Elles soutiendront financièrement les figures nationalistes comme le premier président togolais, Sylvanus Olympio, ainsi que les étudiants ayant vu leurs bourses suspendues en raison de leur engagement dans la lutte pour la décolonisation.

Leur présence en politique perdurera, avec un soutien aux présidents successifs et une présence dans les bureaux politiques. Gisèle Djondo sera la première présidente de l’UNFT (Union nationale des femmes du Togo), association créée en 1972 et affiliée au RPT (Rassemblement du peuple togolais), qui est alors le seul parti du pays.

“Aujourd’hui, la proximité des Nana Benz avec le pouvoir est plus visible dans le cadre du dialogue public-privé, à travers lequel les entrepreneurs et les commerçantes de tissus discutent avec l’État pour une relation mutuellement profitable,” ajoute l’historienne.

Cette proximité avec le monde politique présente des avantages, mais ne protègera pas ces femmes des tumultes économiques et des déconvenues successives, qui mettront fin à l’âge d’or des Nana Benz.

Années 1990 : le début du déclin

Dans les années 1990, la dévaluation de 50 % du franc CFA est le premier coup de massue pour ces commerçantes. Le prix du wax double et devient moins accessible.

Au début des années 2000, les contrefaçons chinoises apparaissent sur les marchés, mettant à mal un commerce déjà fragilisé. Les incendies des marchés de Lomé et de Kara, en 2013, n’arrangent rien. Depuis le décès de Dédé Rose Creppy en 2023, il n’y a plus de représentantes de la première génération des Nana Benz.

Leurs commerces ont été repris par leurs filles ou petites-filles, qu’on surnomme “nanettes” ou “Nana Benz 2.0”, mais dont elles ont toujours voulu se détacher.
“Je nous appelle des femmes cheffes d'entreprises aujourd'hui, parce que nous faisons de la comptabilité, nous payons des impôts, nous avons des cartes CFE, des cartes d'opérateurs économiques, un NIPF…Ce que nos mamans n'avaient pas à l’époque,” explique Edwige Atayi. Elle considère également que le nom de Nana Benz ne se limite plus, aujourd’hui, à celles qui le sont de mère en fille. “C’est fini, cette histoire-là.

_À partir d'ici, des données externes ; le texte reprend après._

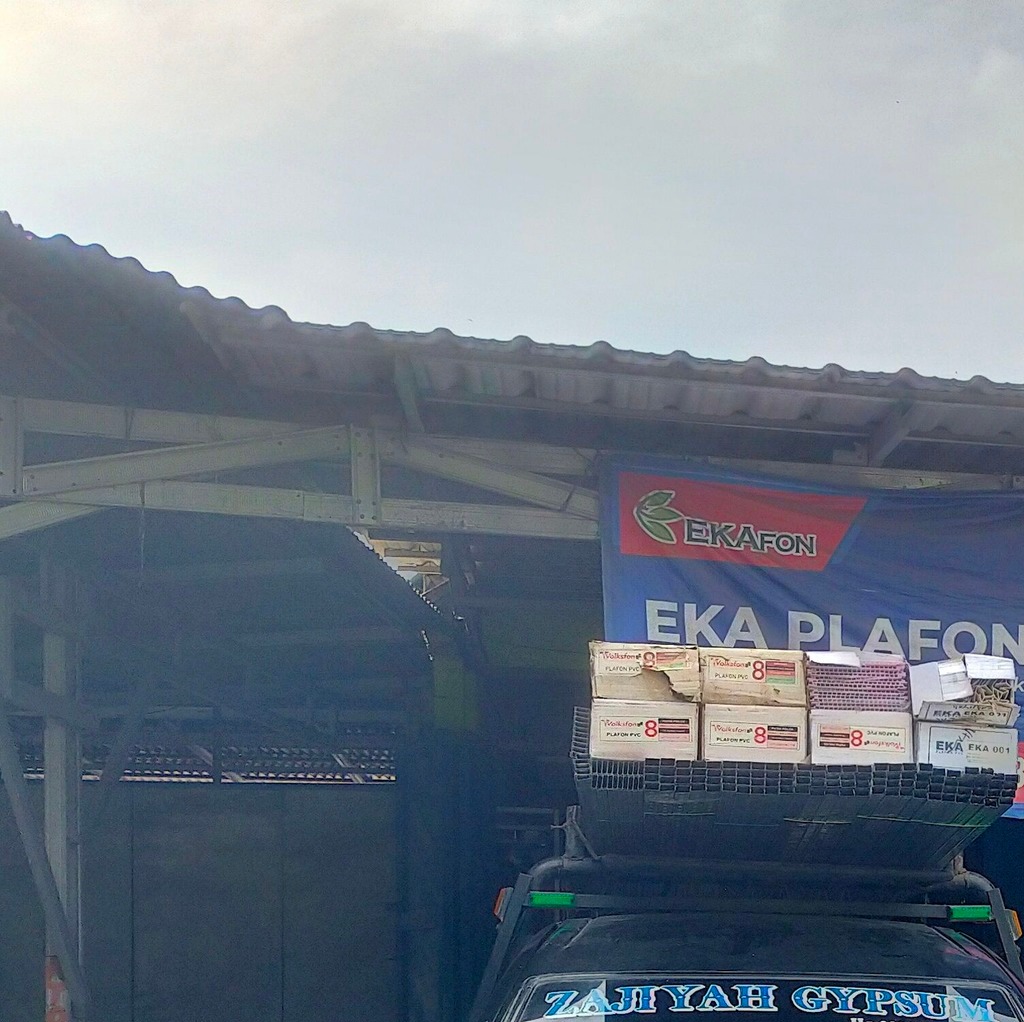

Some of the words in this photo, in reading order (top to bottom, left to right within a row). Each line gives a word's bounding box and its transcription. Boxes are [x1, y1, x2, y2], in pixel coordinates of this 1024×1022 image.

D'autres personnes peuvent être des grossistes et on va les appeler Nana Benz parce que le nom est resté, mais c’est tout.”

Lire aussi : À La Courneuve, le blues des vendeurs de wax

Si elles ont pu envoyer leur descendance dans les meilleures écoles, ou pour certaines acheter des propriétés, Edwige Atayi estime que leur héritage aurait pu être encore plus grand.

“J’ai dit aux hommes qui étaient avec ces femmes-là à l’époque — la plupart sont morts aujourd’hui — : vous avez été misogynes, parce que vous auriez pu aider ces femmes à ouvrir des écoles, des hôpitaux. Au lieu de laisser dormir l'argent à la banque, elles auraient pu faire ça. Aujourd’hui, elles auraient même créé une fondation,” regrette-t-elle.

Pour immortaliser l’héritage de ces commerçantes, le gouvernement togolais ambitionne de construire un musée en leur hommage. Une labellisation du nom Nana Benz est également en cours de réflexion.